The US economy then rebounded relatively strongly, growing at a 3 per cent-plus pace for the first nine months of 2002, before losing momentum.

Growth slowed to a 1.5 per cent pace in the latter months of 2002 and has remained at that level during the first half of 2003.

Consumer and business sentiment has picked up since May, however, no doubt boosted by lower oil prices, rising stock markets, historically low mortgage rates and another round of tax cuts, which will boost incomes from this month onwards.

Consequently, the consensus forecast envisages US growth accelerating to a 3-4 per cent range in the second half of 2003.

The Irish economy would be expected to benefit from any acceleration in global growth and there are a number of indicators implying that the economy actually bottomed some time ago, contrary to perceptions.

Take GDP, for example, which shows growth bottoming out in the fourth quarter of 2001, interestingly around the same time as the US, and then recovering in the first nine months of last year, before losing momentum in the final quarter.

Employment gives a slightly different picture, although again showing a cyclical bottom, this time in the third quarter of 2002, when annual employment growth slowed to only 8,000, before accelerating to 27,000 in the first quarter of 2003.

This is consistent with the Live Register, which has shown the unemployment rate steady at 4.6 per cent for some time.

Redundancies, too, are not as high as last year, running some 10 per cent down in the first five months of 2003.

This is not to suggest that unemployment has peaked but to point out that the deterioration in the Irish labour market has been very modest and not consistent with some of the weaker growth forecasts published of late.

The monetary indicators are also painting a positive picture, and, after all, are meant to be leading indicators.

Mortgage lending has received the publicity but non-mortgage lending has accelerated in recent months, with cash and currency in circulation also showing strong growth.

We also know that underlying retail spending (excluding cars) bottomed in the spring of 2002 and in April was up an annual 5.4 per cent in volume terms.

However, it has to be said that consumer confidence remains weak, judging by survey evidence.

There are other negatives of course and, on the face of it, external trade is particularly weak; exports in the first quarter of 2003 were some 22 per cent down on the previous year, with imports recording a 23 per cent fall.

Yet there are a number of issues surrounding this data, with implications for GDP growth.

In the first place, the Central Statistics Office (CSO) has taken the unusual step of drawing attention to a very significant fall in distributive-type trade in electoral machinery with Britain, which has distorted both exports and imports this year.

In addition, the CSO has yet to issue any price indices for trade, so it is not possible to discern how much of the export fall is in volume terms, which is crucial for measuring real GDP growth.
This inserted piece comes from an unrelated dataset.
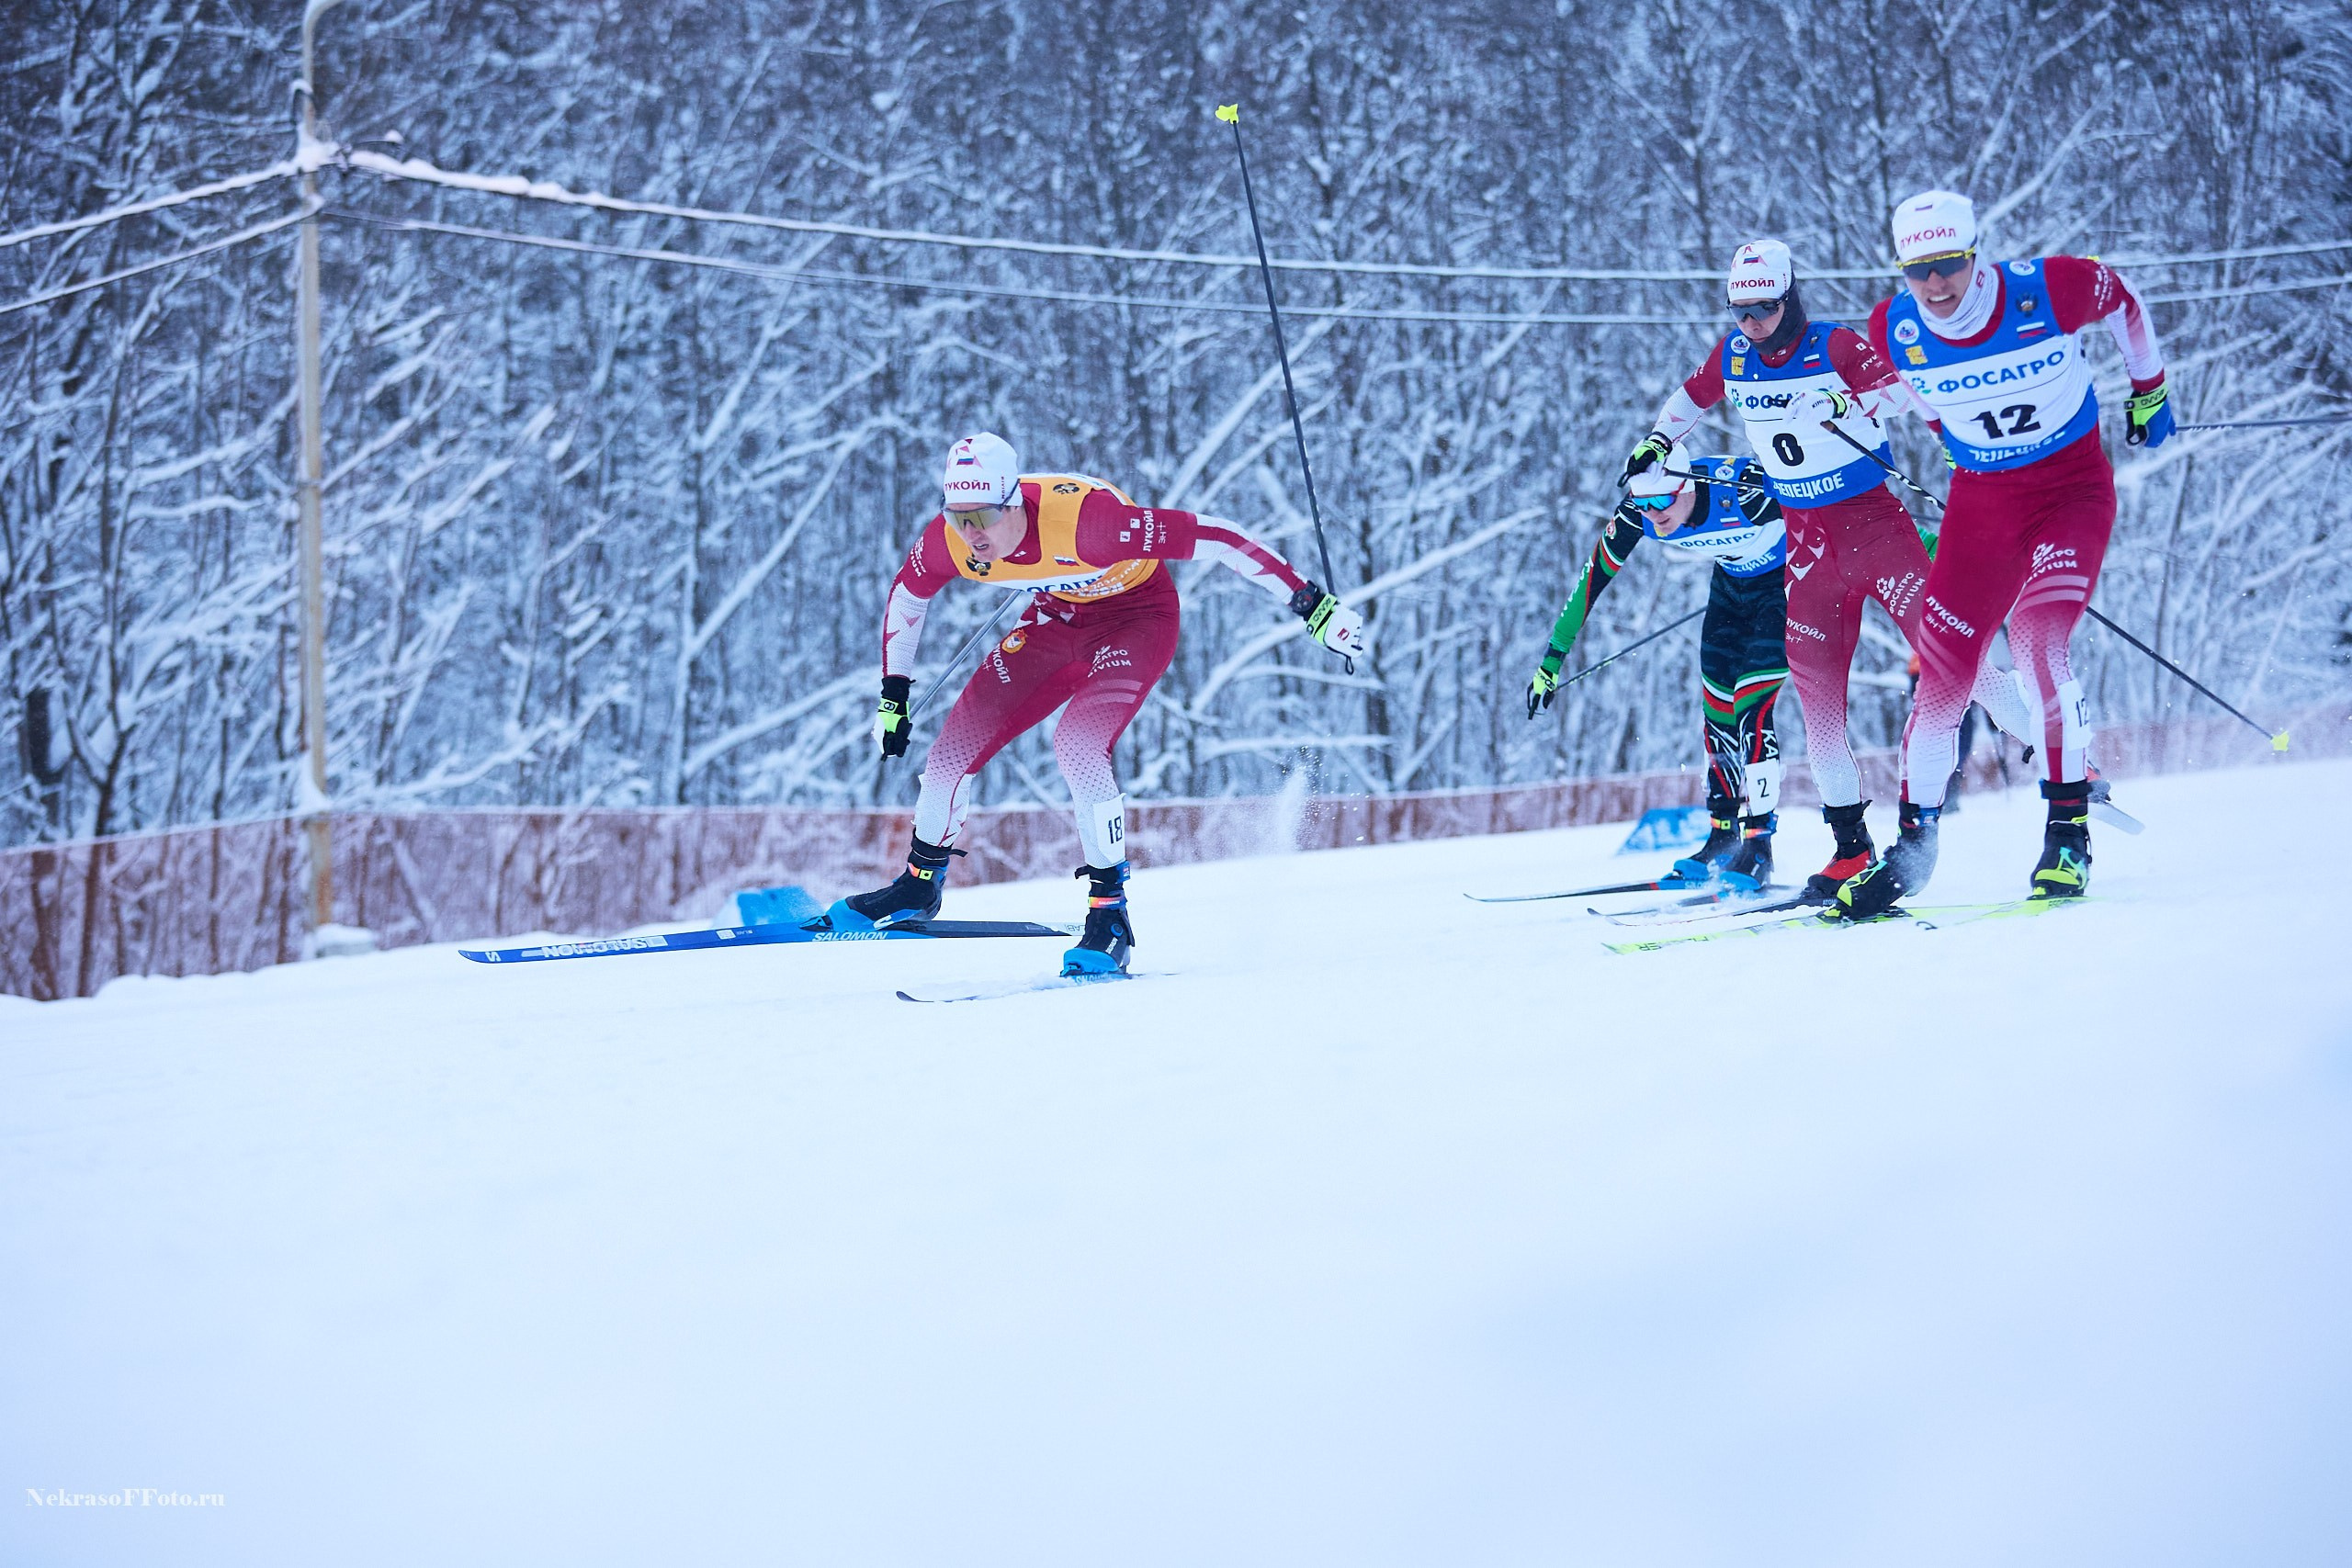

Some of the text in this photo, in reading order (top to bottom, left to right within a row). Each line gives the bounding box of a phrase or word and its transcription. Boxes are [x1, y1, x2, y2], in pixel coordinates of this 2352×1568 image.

The prices of manufactured goods for export sale are falling, but the scale of these declines sits uneasily with the total fall in export values and the trend in industrial production.

The latter shows a 7 per cent rise in manufacturing output in the first quarter of 2003, including a 2.8 per cent gain in the indigenous sector, which implies positive growth in the volume of exports.

The CSO will eventually resolve the issue, statistically at any rate, when it publishes the relevant price indices for exports but, until then, one should treat any forecasts of external trade with more caution than usual.

Perhaps the best indicator, which also happens to be the most timely, is tax revenue and this shows revenue growing at over 9 per cent and, as such, an acceleration from the 5 per cent out-turn in 2002 - not bad for an economy that some would have us believe is on its last legs.